- Born: Ida Finney August 21, 1867 Richmond, Indiana
- Died: June 4, 1960 (aged 92) Exeter, California
- Known for: American suffragist

= Ida Finney Mackrille =

American politician (1867–1960)

Ida Finney Mackrille (1867–1960) was an American suffragist and a women's political leader in the State of California. She was known as the “Woman Orator of the West.” From 1911 until 1932, she was active in suffragist movement, and after she remained active in other types of politics.

== Biography ==
Ida Finney was born on August 21, 1867, in Richmond, Indiana, to parents Sara A. Long Finney and Joel J. Finney. Her father had served in the 57th Indiana Infantry Regiment. She was raised with two sisters. She married in 1897 to William R. Mackrille, a chief deputy clerk of the California State Supreme Court.

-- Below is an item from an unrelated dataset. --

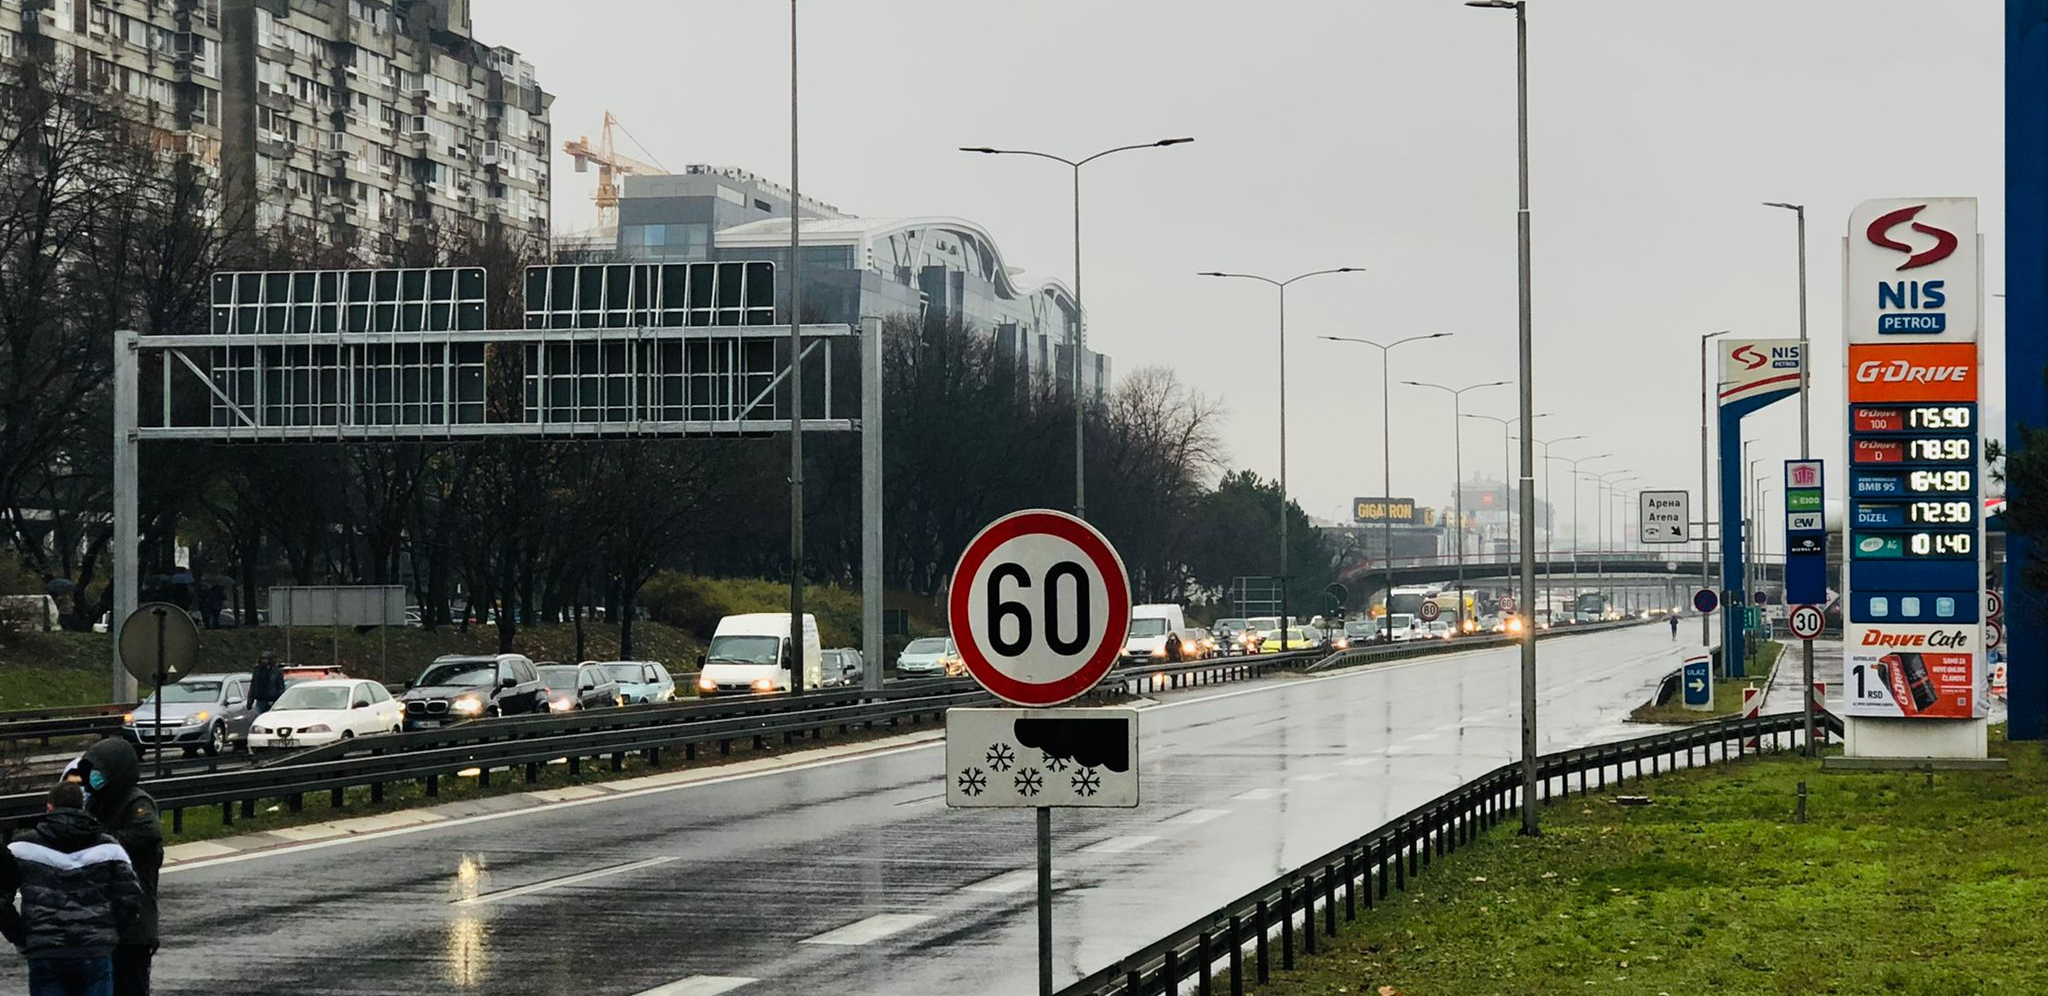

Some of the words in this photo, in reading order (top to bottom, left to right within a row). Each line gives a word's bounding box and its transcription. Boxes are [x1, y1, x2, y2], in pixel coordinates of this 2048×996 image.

Mackrille served as the first vice-president of the San Francisco Center of the California Civic League, a group that fought for equality for women. She was considered one the foremost orators in California, often speaking on women's issues and politics. She served as San Francisco Office Manager for the 1921 Presidential campaign of Warren G. Harding. Later in life she was active in the Tulare County Republican Party and was involved in issues with the newly built, local women's prison.

Mackrille owned a vineyard from c.1930 until 1960 in Woodlake, California.

She died on June 4, 1960, at the age of 92 at Exeter Memorial Hospital in Exeter, near her home in Woodlake.